Inhalt
Emily widersetzt sich ihrem Vater und reist mit ihrer Tochter Sophia nach Tunesien, um sich mit ihrem entfremdeten Ehemann zu versöhnen. Als Sophia spurlos verschwindet, wird die Familie von Lügen und Täuschungen umgeben, während Emily verzweifelt nach ihrem vermissten Kind sucht.
Kritik
Wenn es einen Preis für Konventionalität im Krimi-Kino gäbe, hätte Dhafer L’Abidines generische Kidnapping-Thriller den praktisch sicher. Der dritte Spielfilm, bei dem der tunesische Schauspieler auch als Drehbuchautor und Regisseur hinter der Kamera tätig ist, bedient routiniert sämtliche Stereotypen der unvergänglichen Story-Blaupause. Ein rauer Typ (mit eingespielter Steinmiene verkörpert von Regisseur L’Abidine), der gerade in einer privaten Krise steckt, muss seine kleine Tochter aus den Fängen skrupelloser Entführer retten, um sich seiner attraktiven Ex-Partnerin als fähiger Vater und Beschützer zu beweisen.

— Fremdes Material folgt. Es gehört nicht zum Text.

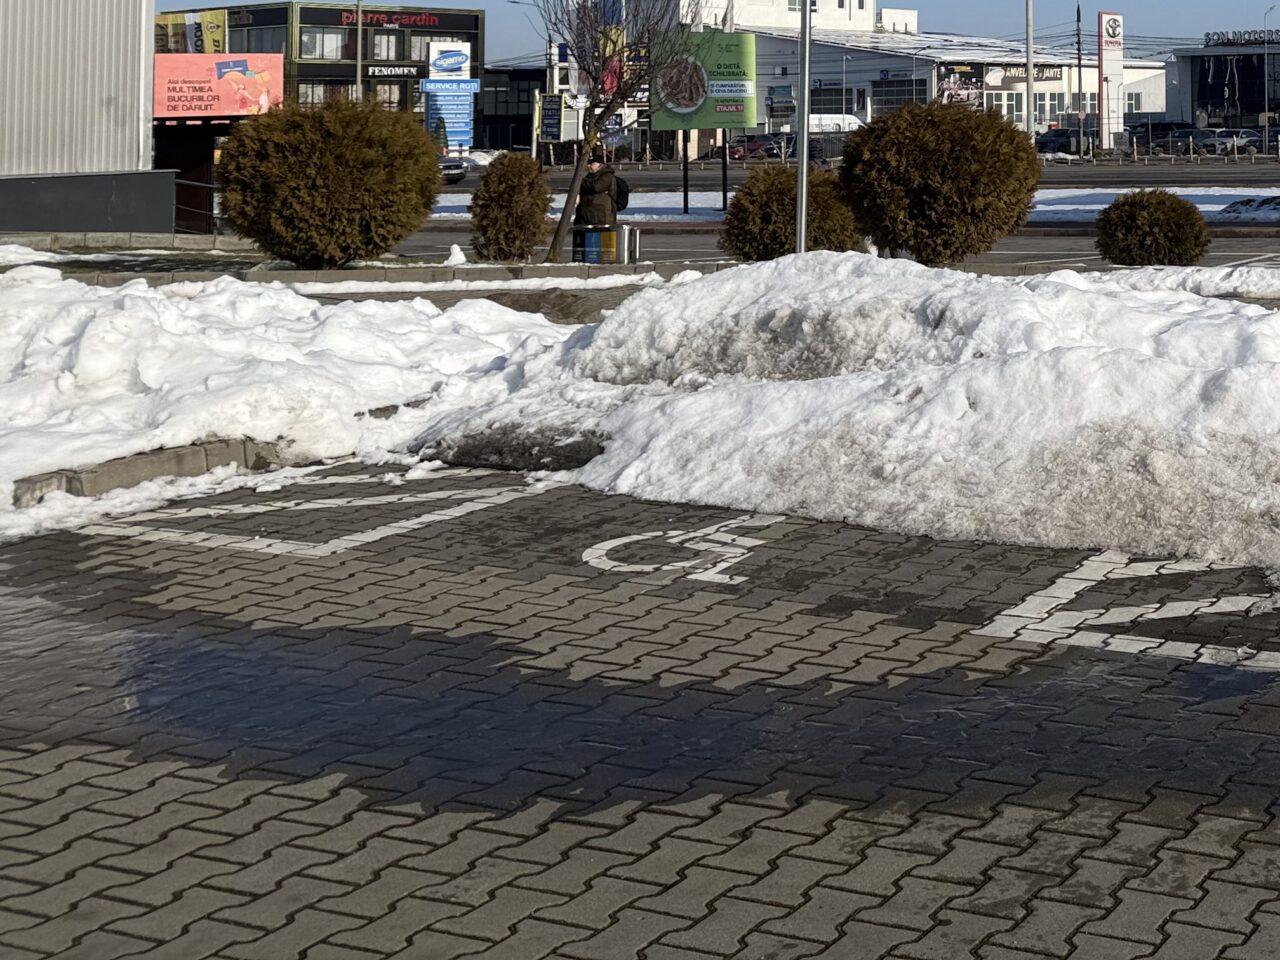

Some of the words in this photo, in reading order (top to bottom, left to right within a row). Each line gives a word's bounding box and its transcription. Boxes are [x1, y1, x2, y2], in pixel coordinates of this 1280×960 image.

[392, 13, 440, 26] cardin
[1232, 29, 1280, 43] MOTORS
[368, 67, 417, 76] FENOMEN
[1043, 68, 1061, 79] JANTE

Als seine wohlhabende Baby Mama Emily (Jessica Brown Findlay, Downton Abbey: Das große Finale) zu Besuch nach Tunis kommt, damit Hicham seine Tochter und Titelfigur besser kennenlernen kann, ist das seine langersehnte Chance, das heteronormative Familienideal zu erreichen. Doch als er Sophia kurz aus den Augen lässt, ist sie plötzlich verschwunden. Emily ist verzweifelt und die orale Polizei keine Hilfe. Als er selbst ins Visier der Ermittler gerät, hat Kampfsport-Trainer Hicham nur eine Option: Sophia selbst retten und seine Unschuld beweisen.

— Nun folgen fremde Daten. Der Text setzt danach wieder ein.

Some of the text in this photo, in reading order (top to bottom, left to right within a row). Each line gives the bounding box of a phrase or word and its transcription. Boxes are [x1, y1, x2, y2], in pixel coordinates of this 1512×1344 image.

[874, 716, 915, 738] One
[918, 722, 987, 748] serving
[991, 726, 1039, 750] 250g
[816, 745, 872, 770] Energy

Die Frage, ob ihm das gelingt, ist müßig. Die glatt inszenierte Handlung hakt sämtliche Klischees ab und folgt dramaturgisch einer breit ausgetretenen Bahn. Entsprechend konservativ bis regressiv sind die Charaktere und Werte, die zementiert werden. Frauen sind hilflos; Gewalt, ob institutionelle oder individuell, ist legitim; die Familie geht über alles. Zu diesem simplizistischen Szenario passen die eindimensionalen Figuren, die bis auf den rauen Protagonisten kaum mehr als Statisten sind. Trotz des flotten Tempos dehnt sich das ganze mit fast zwei Stunden ermüdend aus.
Fazit
Mit einer strafferen Struktur und einem Minimum an psychologischem Schliff könnte Dhafer L’Abidines dritte Regiearbeit als solides Leinwand-Werk durchgehen. Doch trotz der polierten Optik machen der ermüdend vorhersehbare Plot und die paierdünnen Dialoge das überlange Krimi-Drama so spannend wie ein ausgefülltes Kreuzworträtsel. Das mechanische Schauspiel entspricht den leblosen Figuren, die keinerlei Anteilnahme wecken. Weder Action noch Stunts kompensieren den Mangel an Logik und Substanz, die unnötige Nebenstränge zusätzlich verwässern. Austauschbare TV-Ästhetik lässt den schematischen Selbstjustiz-Streifen schneller vergessen als er dauert.